The quantitative relationship between olfactory axons and mitral/tufted cells in developing Xenopus with partially deafferented olfactory bulbs

Abstract

Partial deafferentation of the olfactory bulb in Xenopus embryos was performed to analyze the effects of afferent innervation on the development of the central olfactory structure. In an attempt to analyze a possible early inductive role of the olfactory axons, one olfactory placode was removed before differentiation of the neural tube began (stages 26–31). A morphological and quantitative analysis was performed on larvae at the onset of metamorphic climax (stage 58). When the single olfactory nerve innervated one side of the rostral telencephalon, a single olfactory bulb developed on that side and no olfactory bulb formed on the contralateral side.

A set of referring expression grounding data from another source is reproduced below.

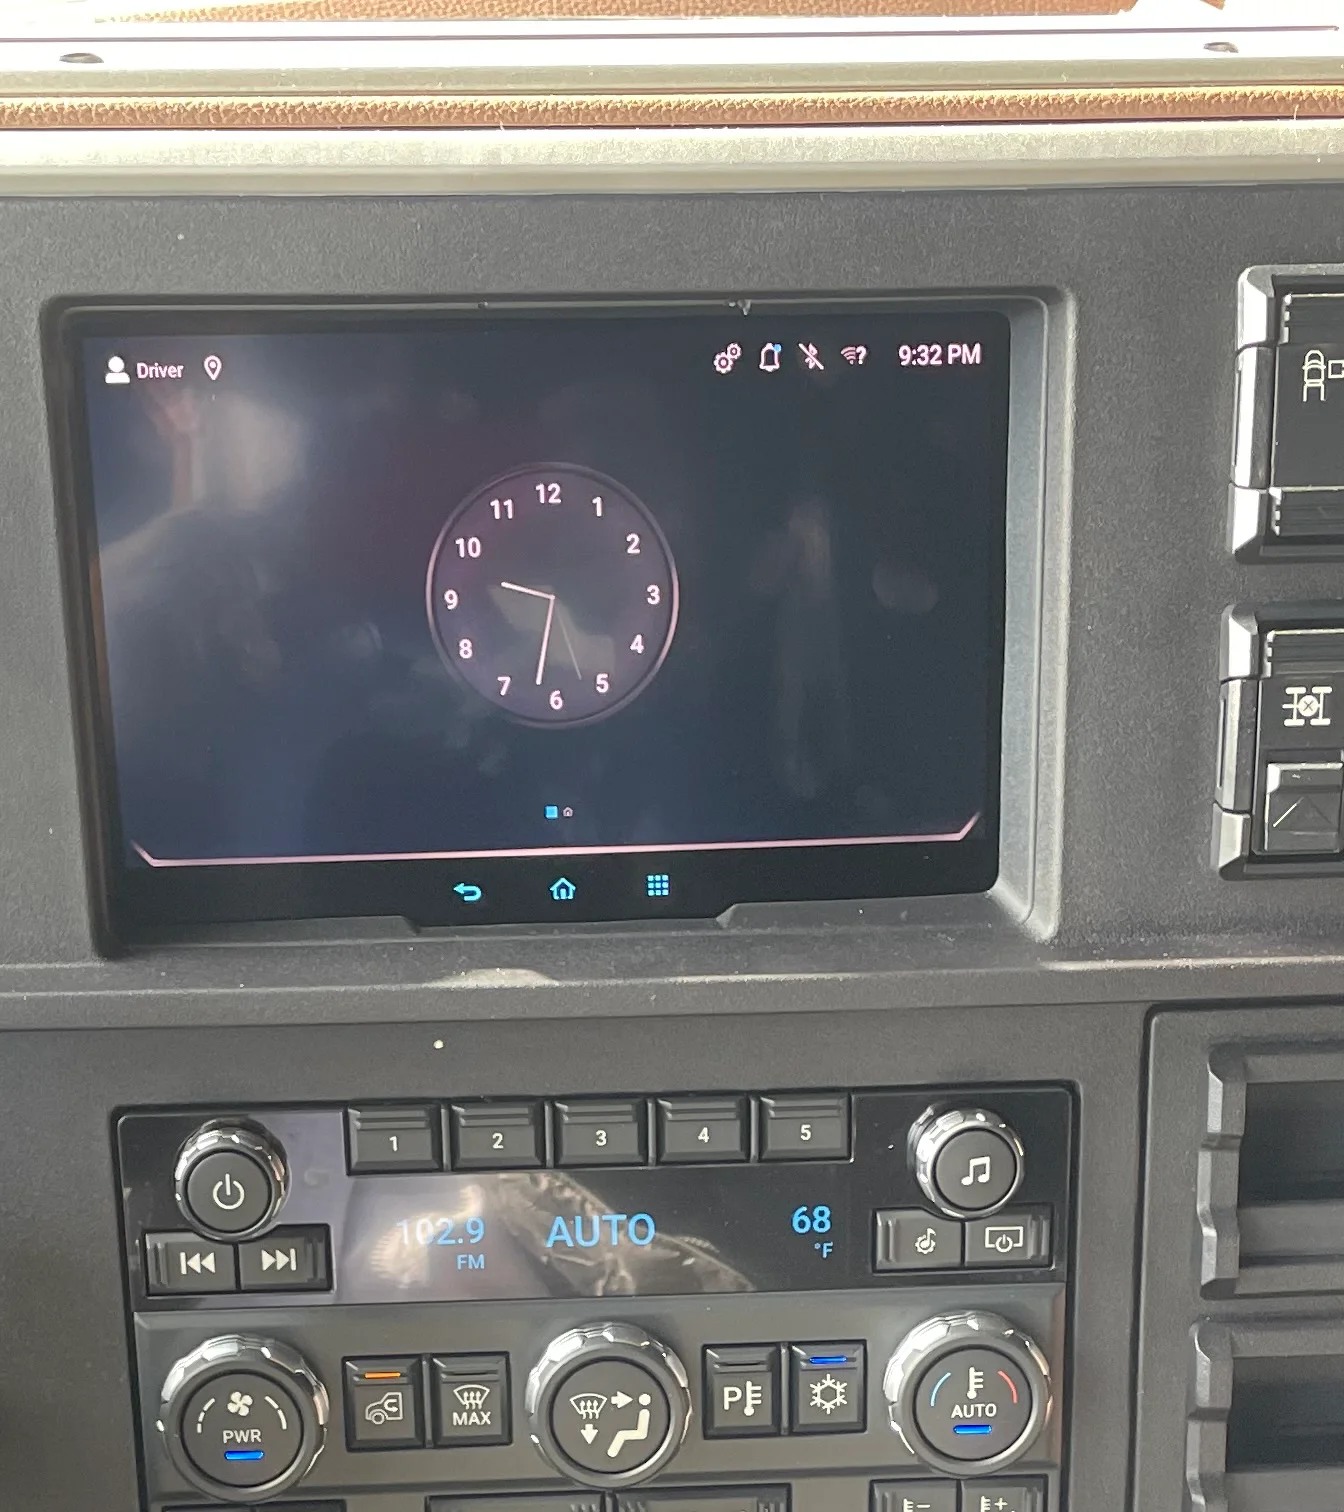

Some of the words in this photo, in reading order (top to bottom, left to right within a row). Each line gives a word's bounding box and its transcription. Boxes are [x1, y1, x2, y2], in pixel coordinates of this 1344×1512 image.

[898, 344, 942, 366] 9:32
[947, 343, 981, 365] PM
[137, 362, 184, 379] Driver
[536, 483, 562, 504] 12
[490, 499, 513, 520] 11
[593, 496, 603, 517] 1
[456, 537, 482, 558] 10
[626, 533, 640, 554] 2
[444, 589, 458, 610] 9
[647, 584, 660, 605] 3
[459, 638, 473, 659] 8
[630, 634, 644, 654] 4
[497, 676, 511, 696] 7
[596, 673, 609, 693] 5
[550, 690, 563, 710] 6
[492, 1133, 504, 1149] 2
[595, 1130, 607, 1146] 3
[698, 1127, 710, 1144] 4
[800, 1125, 812, 1141] 5
[389, 1136, 398, 1152] 1
[792, 1205, 832, 1234] 68
[396, 1216, 485, 1246] 102.9
[546, 1213, 656, 1248] AUTO
[456, 1254, 485, 1270] FM
[452, 1411, 491, 1426] MAX
[951, 1403, 997, 1419] AUTO
[222, 1429, 262, 1444] PWR

When the nerve innervated the midline of the rostral telencephalon, a smaller-than-normal, fused olfactory bulb developed. Partial deafferentation at these early stages resulted in a significant reduction in the number of olfactory axons (to approximately one-half of control values) and a corresponding decrease in the number of mitral/tufted cells (output neurons of the olfactory bulb). To control for possible damage to the neural tube during olfactory-placode removal, a portion of the neural tube directly beneath one of the olfactory placodes was removed in embryos. In these animals, the neural tube regenerated within 24 h and formed a normal olfactory bulb; olfactory axon and mitral/tufted-cell numbers were not significantly different from controls. In conclusion, olfactory-afferent innervation was critical for differentiation of the olfactory bulb, and decreasing the number of olfactory axons resulted in a reduction in the number of output neurons of the olfactory bulb. © 1993 John Wiley & Sons, Inc.